Industrial property rights are significant exclusive rights by which entities can secure their investments in product development, brand or design. Exclusive rights secure their owners’ right to prevent others from exploiting protected trademarks, inventions or designs. The holders of exclusive rights can also grant licences for their property for compensation. Essential industrial rights include patents, utility models, trademarks and design rights.

Industrial property rights do not provide direct protection under the law. If you want to protect your invention, you have to apply for an industrial property right from the Finnish Patent and Registration Office (PRH).

Patent

Patents are prohibition rights. They provide their holders with exclusive rights, on the basis of which patent holders can prohibit the professional exploitation of their patented inventions. Patent holders themselves have to oversee that nobody infringes on their exclusive rights.

Patents can be granted for inventions that can be used in industry. The invention can be a device, a product, a production method or a new way of using an existing solution or product. Industrial applicability means that the invention provides a concrete solution to a technical problem. However, in this context, industrial applicability is interpreted quite loosely. For example, methods and equipment used in trade and handicrafts can be industrially applicable.

Getting a patent requires absolute novelty of the invention. If the invention has become known in some way before filing the patent application, the patent cannot be granted. In addition to novelty, an inventive step is required. It means that the invention has to essentially differ from previously known solutions.

When reviewing applications, PRH investigates the novelty and the inventive step of the inventions. Holders of granted patents keep them valid by paying annual renewal fees. Patents are valid for a maximum of 20 years from the date of application. Patent holders can sell their patents or grant licences to their patented inventions for a compensation known as royalty.

Applying for patents is expensive. A national patent application filed by an agent costs about 1,700–5,000 euros. The total cost can add up to tens of thousands of euros if you want to patent your product for the export market. Smaller inventions can be protected by utility models.

Utility model

A utility model refers to a registered exclusive right to the professional use of an invention. You can get a utility model right to a technical invention with industrial applicability. It can be a product, a device or a mixture of chemical substances. Utility models require absolute novelty and an inventive step. In this context, the inventive step means a clear difference from the previously known solutions.

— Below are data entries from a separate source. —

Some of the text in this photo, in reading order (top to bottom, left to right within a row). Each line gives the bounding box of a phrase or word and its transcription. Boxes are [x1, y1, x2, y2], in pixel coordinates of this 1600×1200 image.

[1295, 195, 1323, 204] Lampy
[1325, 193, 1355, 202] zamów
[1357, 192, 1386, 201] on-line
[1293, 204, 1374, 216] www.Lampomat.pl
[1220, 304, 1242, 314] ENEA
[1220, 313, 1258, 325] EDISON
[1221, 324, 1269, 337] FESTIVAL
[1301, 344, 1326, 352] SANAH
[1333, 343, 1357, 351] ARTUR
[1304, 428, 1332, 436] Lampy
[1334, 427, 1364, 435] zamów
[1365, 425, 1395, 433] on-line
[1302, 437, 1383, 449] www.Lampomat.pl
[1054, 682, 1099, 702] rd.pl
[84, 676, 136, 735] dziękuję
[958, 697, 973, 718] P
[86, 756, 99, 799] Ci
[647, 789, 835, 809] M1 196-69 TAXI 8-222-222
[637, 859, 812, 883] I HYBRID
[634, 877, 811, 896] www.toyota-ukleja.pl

PRH does not investigate the novelty and the inventive step of the invention but it checks that the application is formally correct and that the invention corresponds with the legal definition of an invention. For this reason, getting the utility model protection is faster than registering patents. It is also cheaper because you do not need to pay other fees besides the registration fee.

Registered utility models are valid for four years. They can be renewed for another period of four years and, after that, for two more years. Utility model rights can also be sold or licensed for a royalty.

Design rights

Design rights grant exclusive rights to using designs. This means, among other things, the production, marketing and importing of products or models that feature or include the protected design.

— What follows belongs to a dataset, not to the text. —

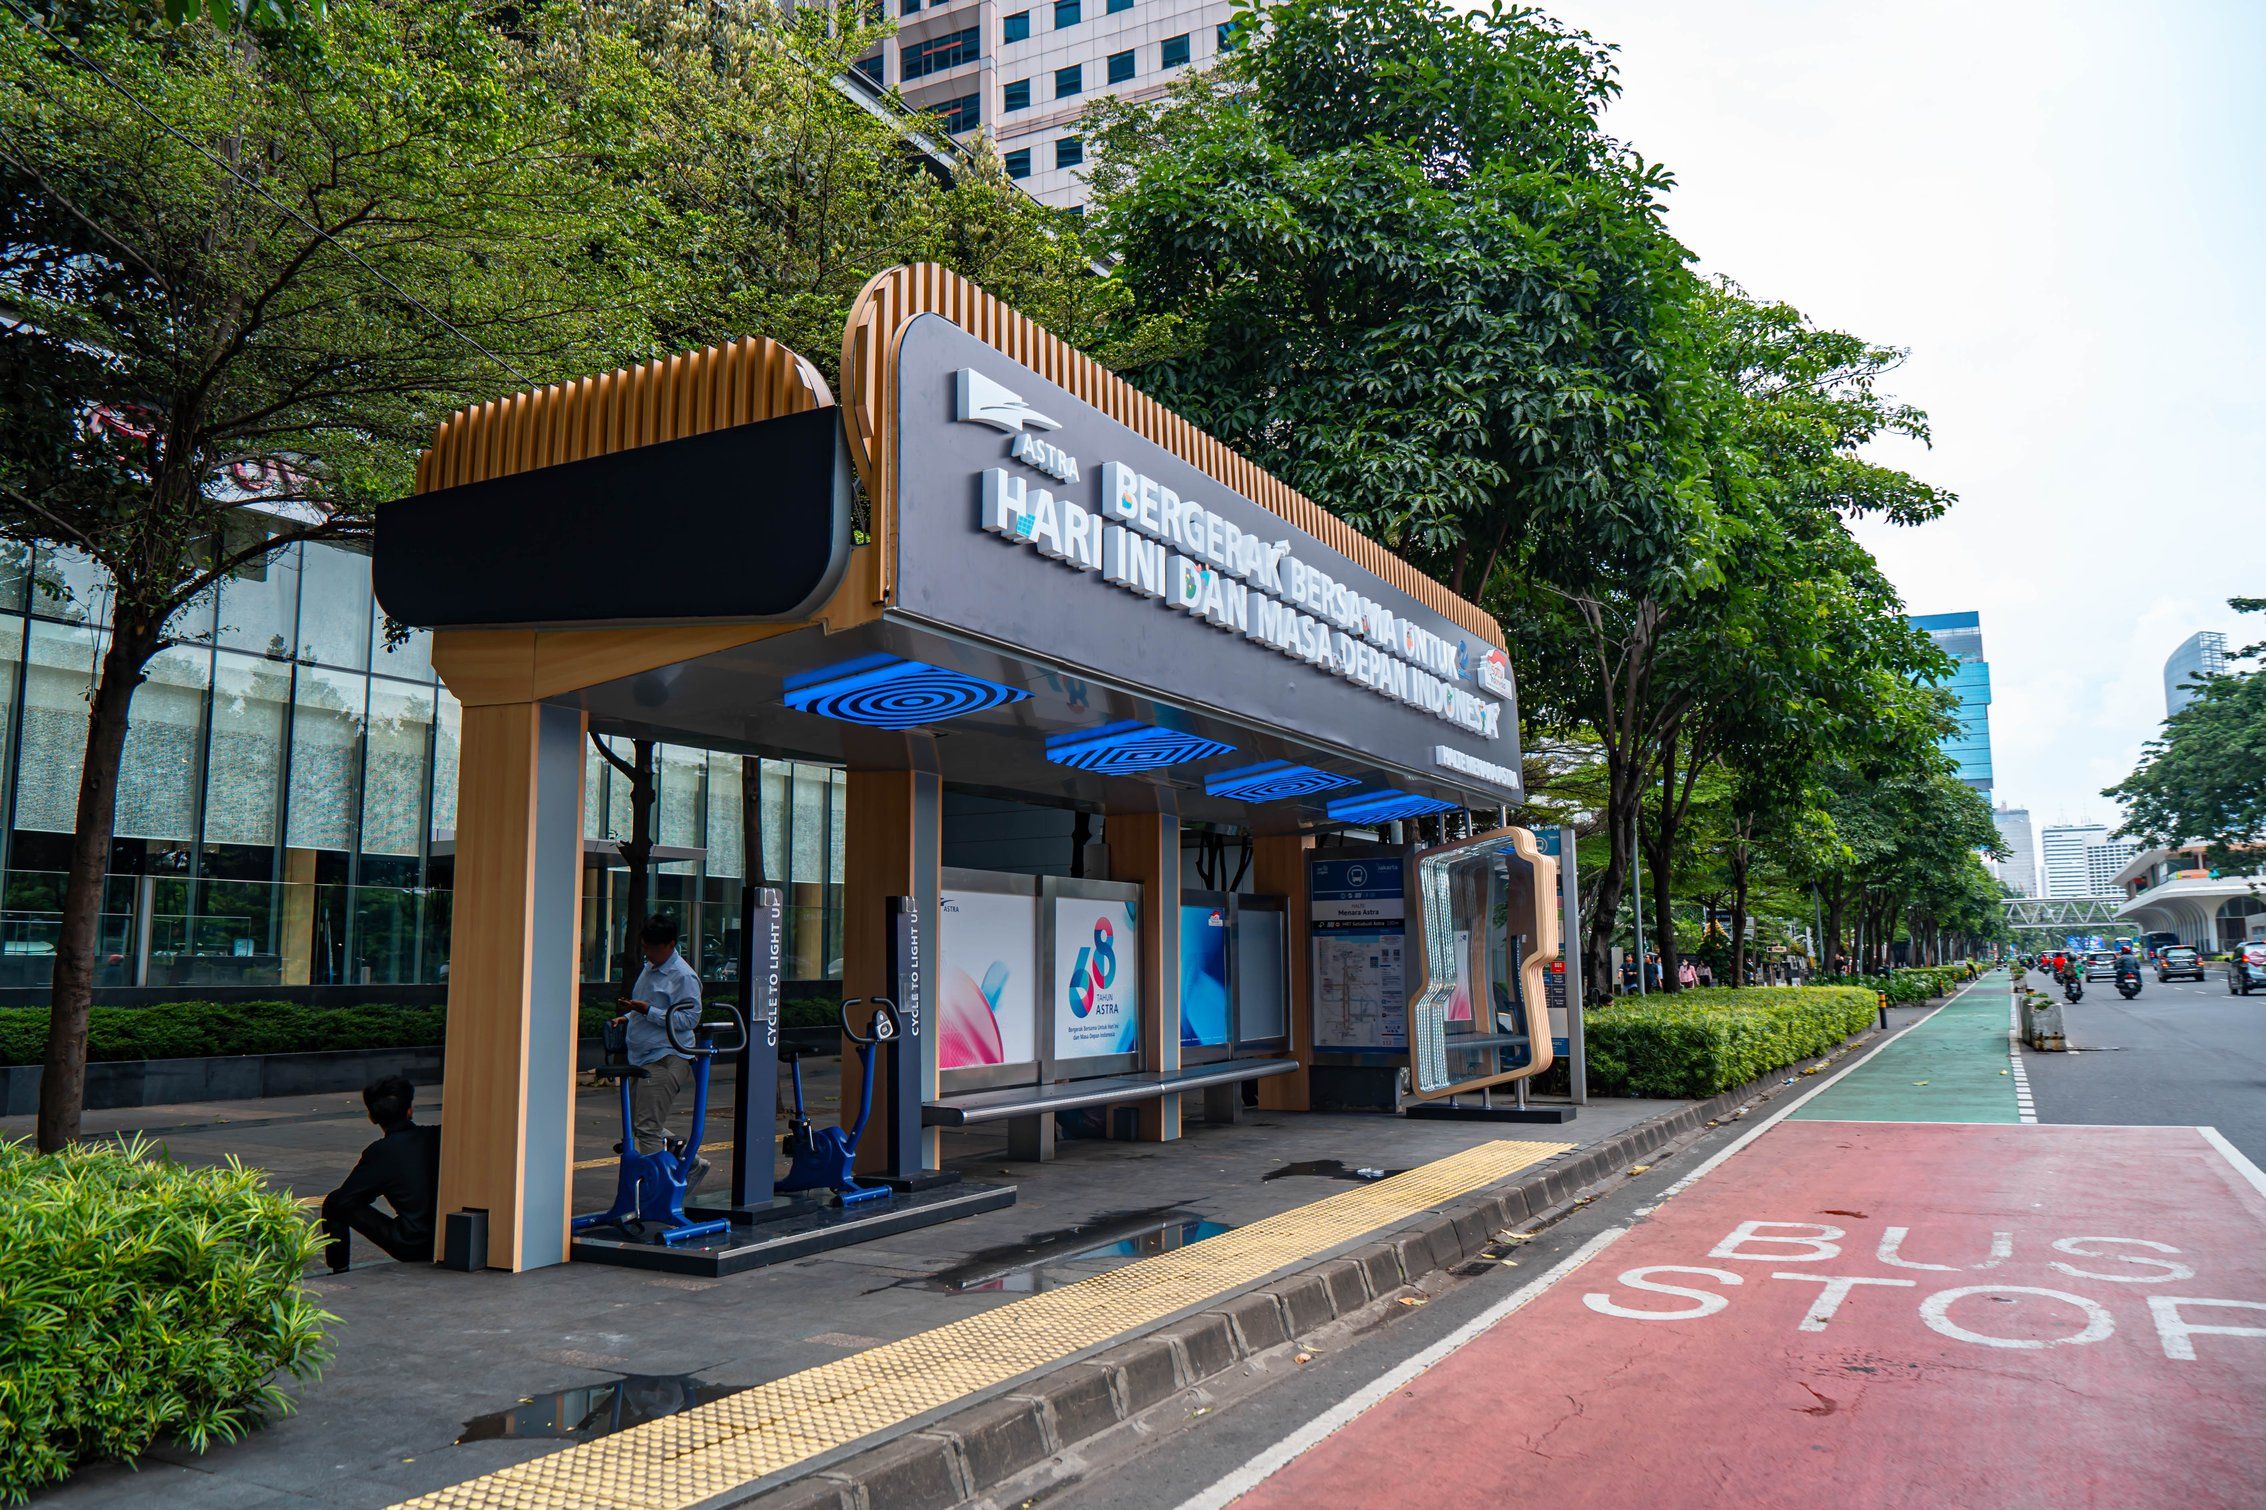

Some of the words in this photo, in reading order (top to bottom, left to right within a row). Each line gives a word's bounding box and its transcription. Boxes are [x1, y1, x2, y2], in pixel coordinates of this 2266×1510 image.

Patents and utility models protect the concrete implementations of industrially applicable technical innovations. Design rights protect product designs. Design rights protect the design of products or their parts, manifested in the appearance of products or their characteristics. This refers to the overall impressions resulting from the lines, contours, shapes, colours, texture and materials of products. The protection always applies to concrete products or their parts. For example, a design right can be granted to a chair or a part of its seat. For products, independence is not a requirement. Therefore, design rights can be granted to textile patterns, cloth ornaments, graphic logos or fonts.

The registration of design rights requires novelty and uniqueness of the design. Novelty means that the design was not publicly known before the date of application. Uniqueness refers to the design differing from previously known ones. In addition, the design has to be the result of creative, intellectual work, which is why simple and ordinary designs cannot be protected. The registration is valid for five years, after which it can be renewed four times for five years at a time. Holders of design rights can sell rights partially or in their entirety as licences.

Trademarks

Registering a trademark at the Finnish Patent and Registration Office (PRH) grants you an exclusive right to use it. The exclusive right entails that only the holder can use the trademark as a symbol of their products and services. It also entails a right to prohibit others from using the trademark or a symbol that could be confused with it.

A trademark can be any symbol that can be presented graphically. For example, it can be a word, a pattern, a character combination, a sound signal or a slogan. Registering a trademark requires that the trademark is distinctive, so that it cannot be confused with another trademark or company name.

The trademark registration is valid for ten years from the date of application, and it can be renewed for 10 years at a time. Trademark holders can transfer or license their trademarks to somebody else.

The Finnish Ministry of Economic Affairs and Employment is responsible for industrial property rights legislation and takes part in the work on IPR-related issues in the EU and on other international forums. The Finnish Patent and Registration Office handles industrial property right applications and the national industrial property rights databases.